9. Persiapan lahan, seperti kondisi di pinrang mereka tidak mengetahui bagaimana cara
yang membenar dan pasti untuk melakukan persiapan. Karena mereka membaca
beberapa literatur semua berbeda-beda. Bagaimanakah cara persiapan lahan yang baik
dan benar serta dengan biaya yang rendah.
10. Serangan hama, pada saat ada serangan hama seperti mujair yang melimpah di
tambak mereka tidak tahu bagaimana cara membasminya selain dengan pestisida.
Adakah cara membasmi hama dengan cara yang lain dan baik bagi lingkungan.
11. Jika dalam kelompok yang termasuk dalam kelompok BMP full maka akan ada
tambak yang akan di jadikan tandon
12. Berapa lama virus WSSV bertatan di alam sebelum menemukan inang/udang untuk
diserang?
13. Bagaimana cara meminimalisir outbreak WSSV jika terjadi?
Tanggapan dari para petambak dan penyuluh tentang BMP setelah melihat VCD
tentang tambak BMP di Aceh. Menurut mereka kondisi tambak di Aceh berbeda dengan
tambak di Sinjai, salah satunya pematang yang lebih tinggi diripada di Sinjai. Dan dari 13
tahap yang ada di dalam video beberapa tahap sudah dilakukan oleh petambak di Sinjai.

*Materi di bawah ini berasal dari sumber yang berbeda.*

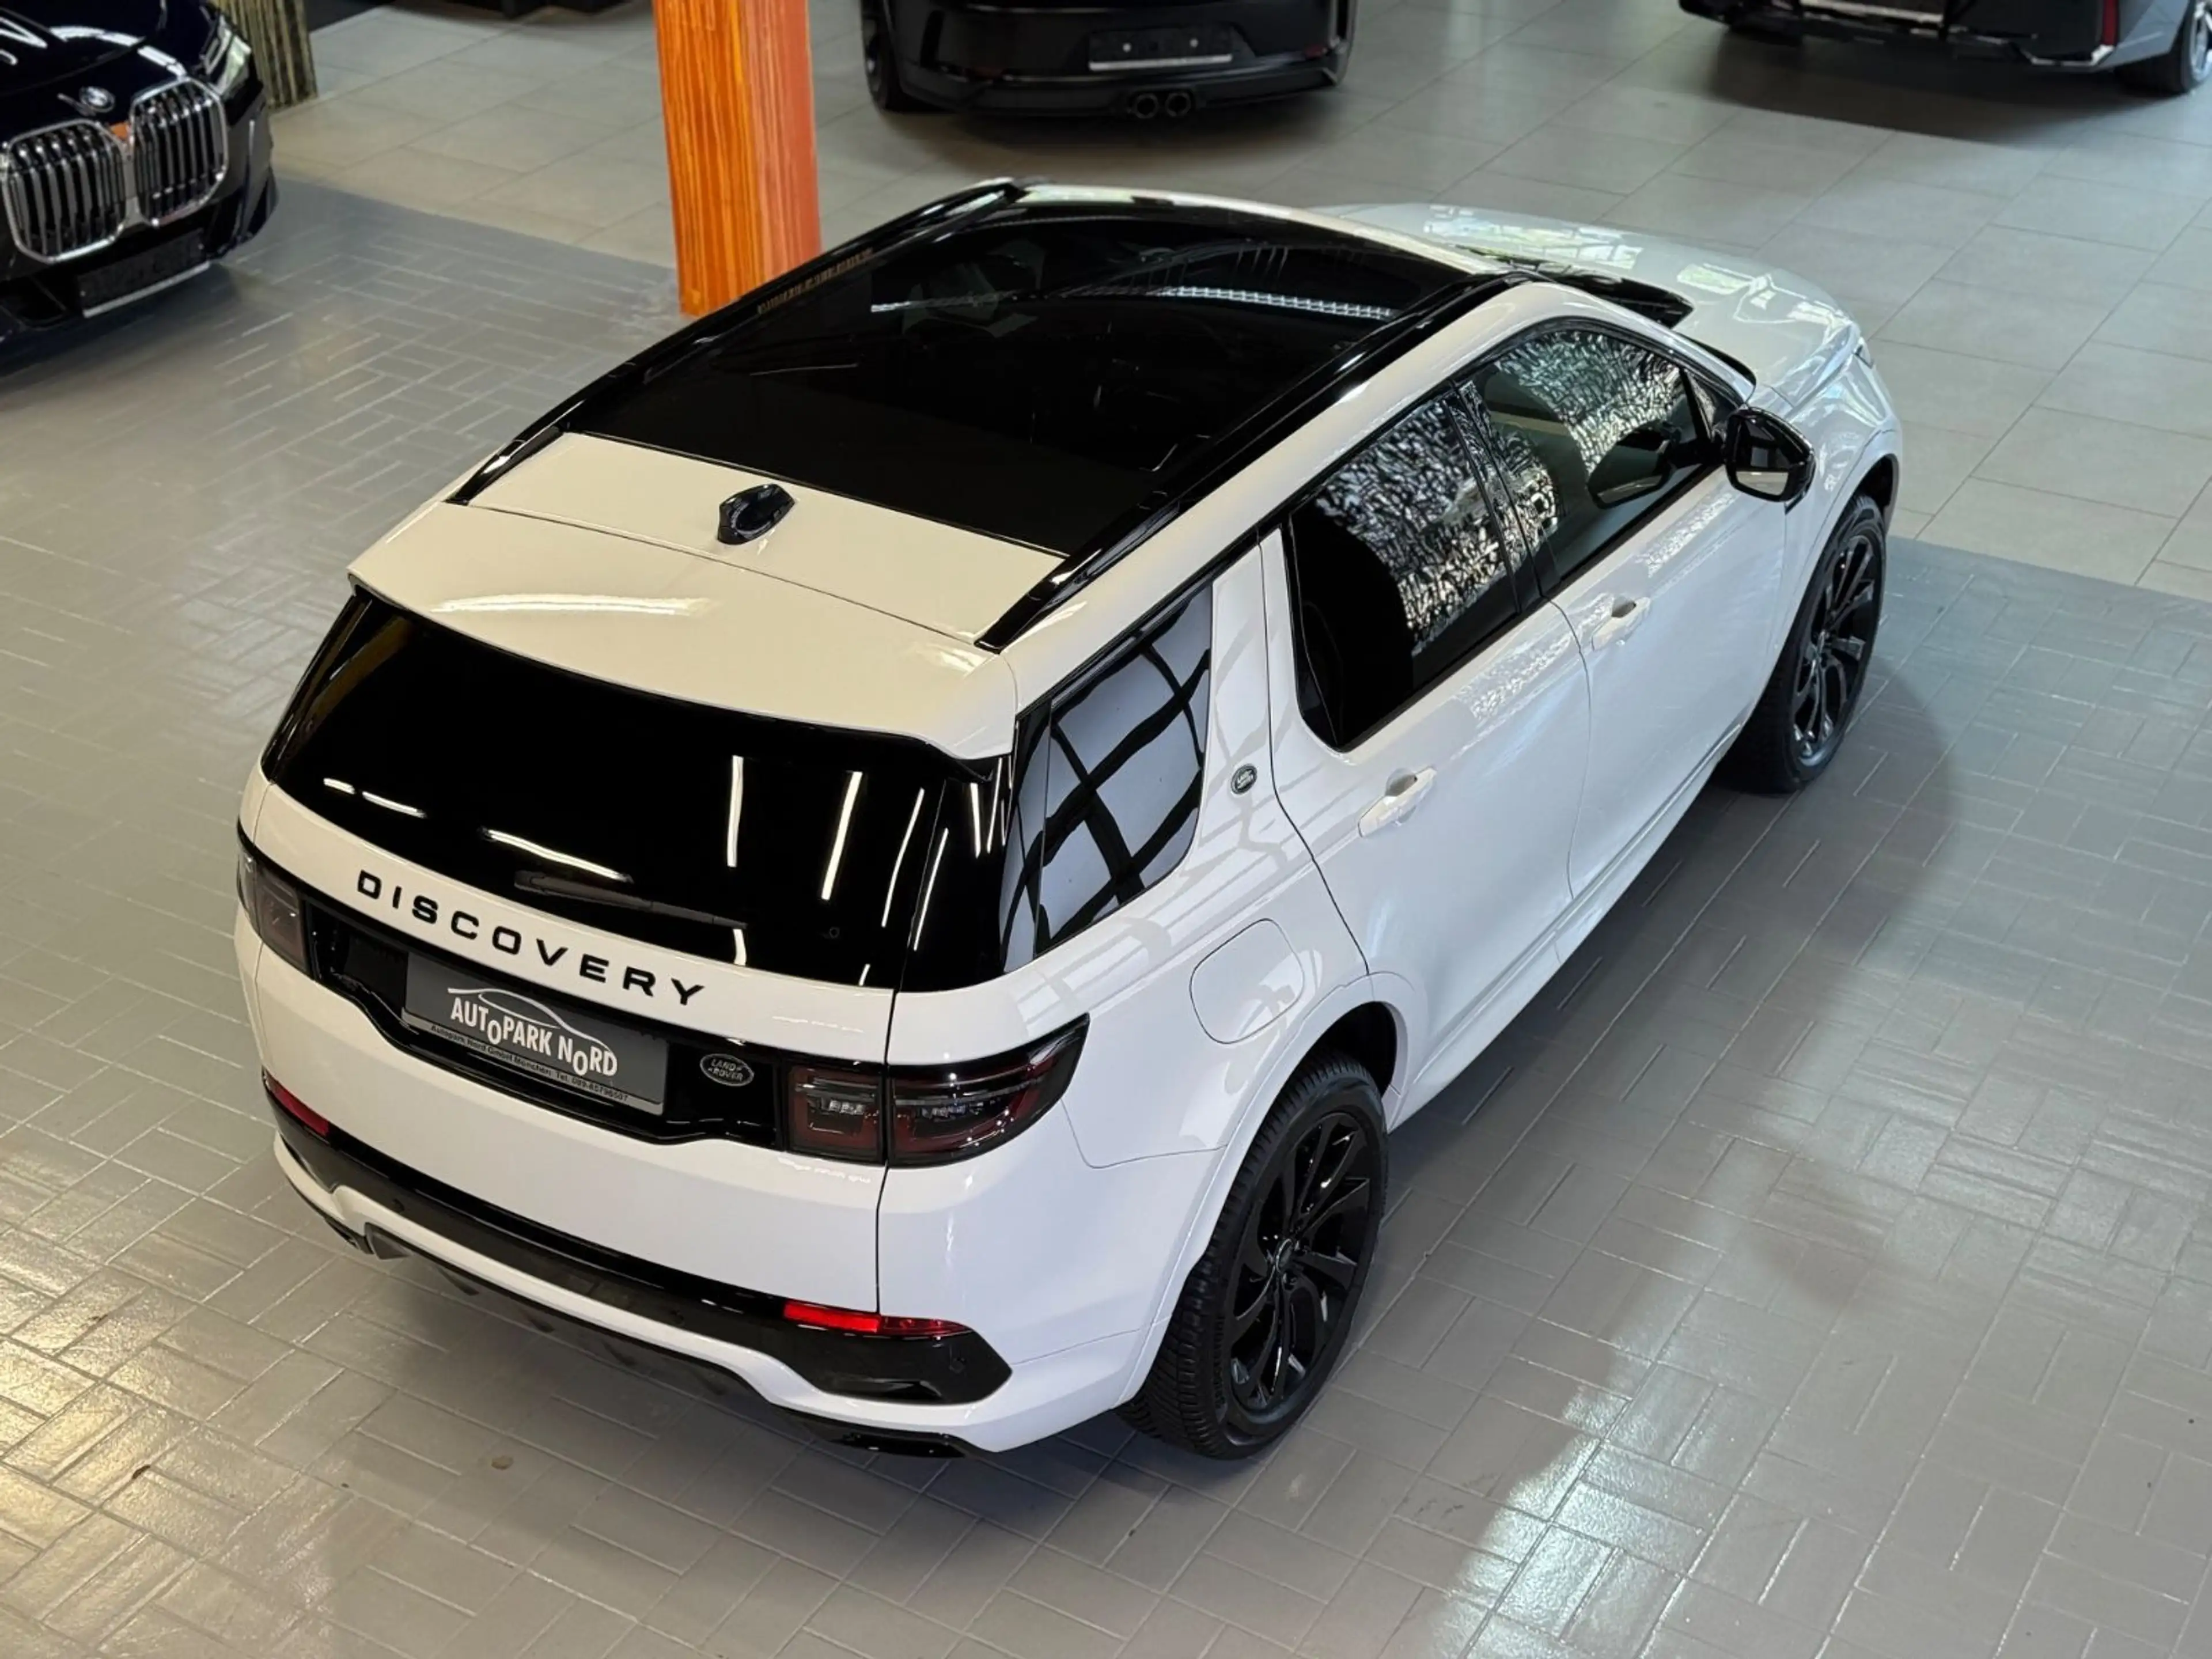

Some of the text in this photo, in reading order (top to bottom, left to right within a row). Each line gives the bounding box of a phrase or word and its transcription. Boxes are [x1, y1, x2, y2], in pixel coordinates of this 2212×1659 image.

[357, 869, 704, 1005] DISCOVERY
[450, 997, 618, 1077] AUTOPARK NORD
[711, 1059, 736, 1071] LAND
[713, 1067, 743, 1082] ROVER
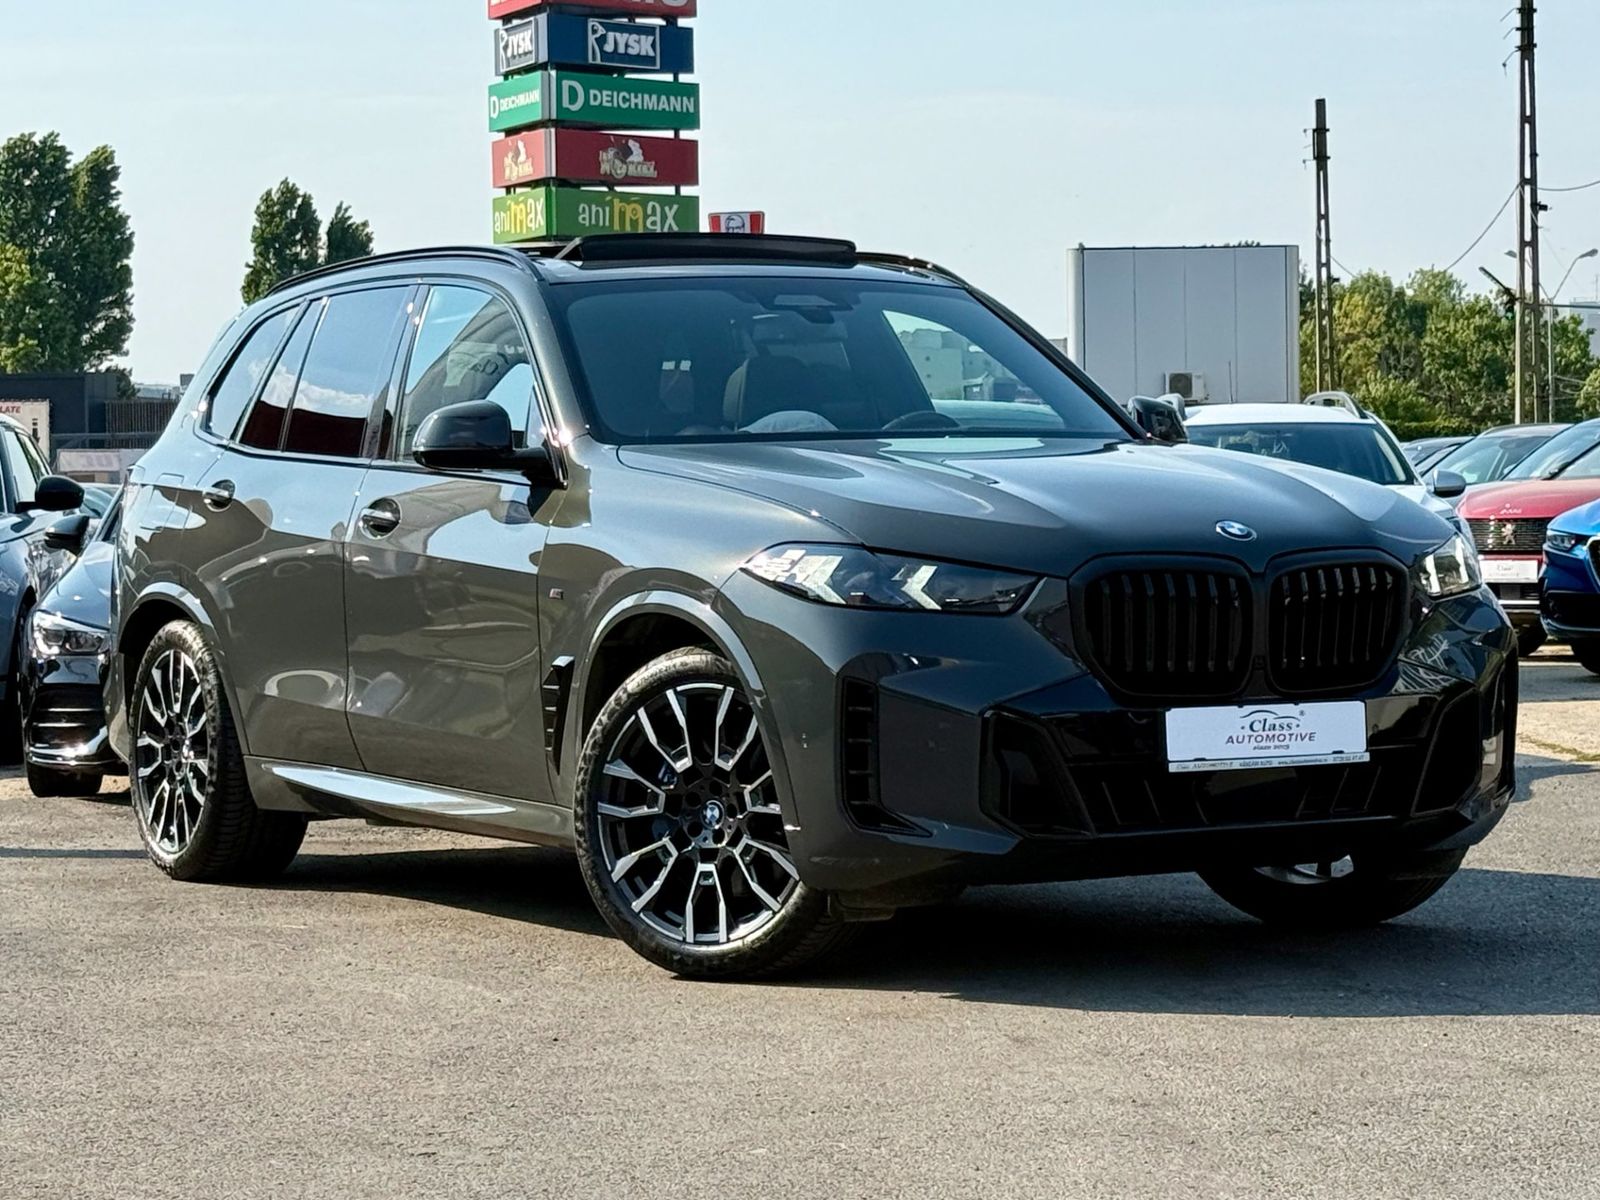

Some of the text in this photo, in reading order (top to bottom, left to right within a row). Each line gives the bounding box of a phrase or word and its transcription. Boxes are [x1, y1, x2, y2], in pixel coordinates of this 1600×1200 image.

[507, 29, 533, 58] JYSK
[603, 32, 656, 57] JYSK
[489, 88, 540, 119] D DEICHMANN
[561, 80, 695, 113] D DEICHMANN
[1225, 731, 1317, 745] AUTOMOTIVE
[1249, 718, 1293, 733] Class

Bahkan sekarang tambak intensif sudah tidak dilakukan lagi mereka lebih memilih tambak
tradisional yang memerlukan biaya tinggi sehingga mereka lebih memilih tambak
tradisional. Para petambak di Sinjai belum mencatat apa yang mereka lakukan setiap harinya
di tambak,mereka tidak menyadari arti penting hal tersebut. Sehingga tambak mereka tidak
terkontrol dan tidak mengetahui kondisi tambaknya dengan pasti. Mereka juga
menginginkan pengawasan yang berkelanjutan tidak hanya bantuan berupa fisik tapi
diperlukan juga pengawas atau penyuluh yang mengawasi bantuan tersebut. Karena
masyrakat juga tidak mau mencoba suatu teknologi jika belum terbukti bahwa teknologi
tersebut berhasil atau tidak. Jika sudah benar terbukti berhasil maka mereka baru mau
mengadopsi teknologi tersebut. Penyuluh menyadari sikap dari para kelompok masyarakat
yang membutuhkan proses untuk berubah karena mereka sudah terbuai dengan bantuan yang
diberikan oleh pemerintah sehingga mereka mengandalkan bantuan dari pemerintah. Tentang
BMP yang akan di implementasikan pada kelompok mereka maka salah satu dari kelompok
akan mengorbankan tambaknya untuk biofilter. Mereka mendefinisikan petambak sukses
atau panen sukses yaitu apabila produksi udang dengan size yang besar sehingga harga
jualnya lebih tinggi. Di Sinjai siklus yang lalu dari 1 kelompok Pak Ilham terdiri dari 25
Petambak yang berhasil 22 orang dan 3 gagal. Dan salah satunya kendala yang di hadapi
adalah banyaknya penyuluh di daerah mereka yang bukan dari jurusan Perikanan sehingga
pengetahuan mereka tentang perikanan terbatas, padahal mereka menghadapi para petambak
yang sudah berpengalaman dan berpengetahuan yang lebih luas daripada mereka.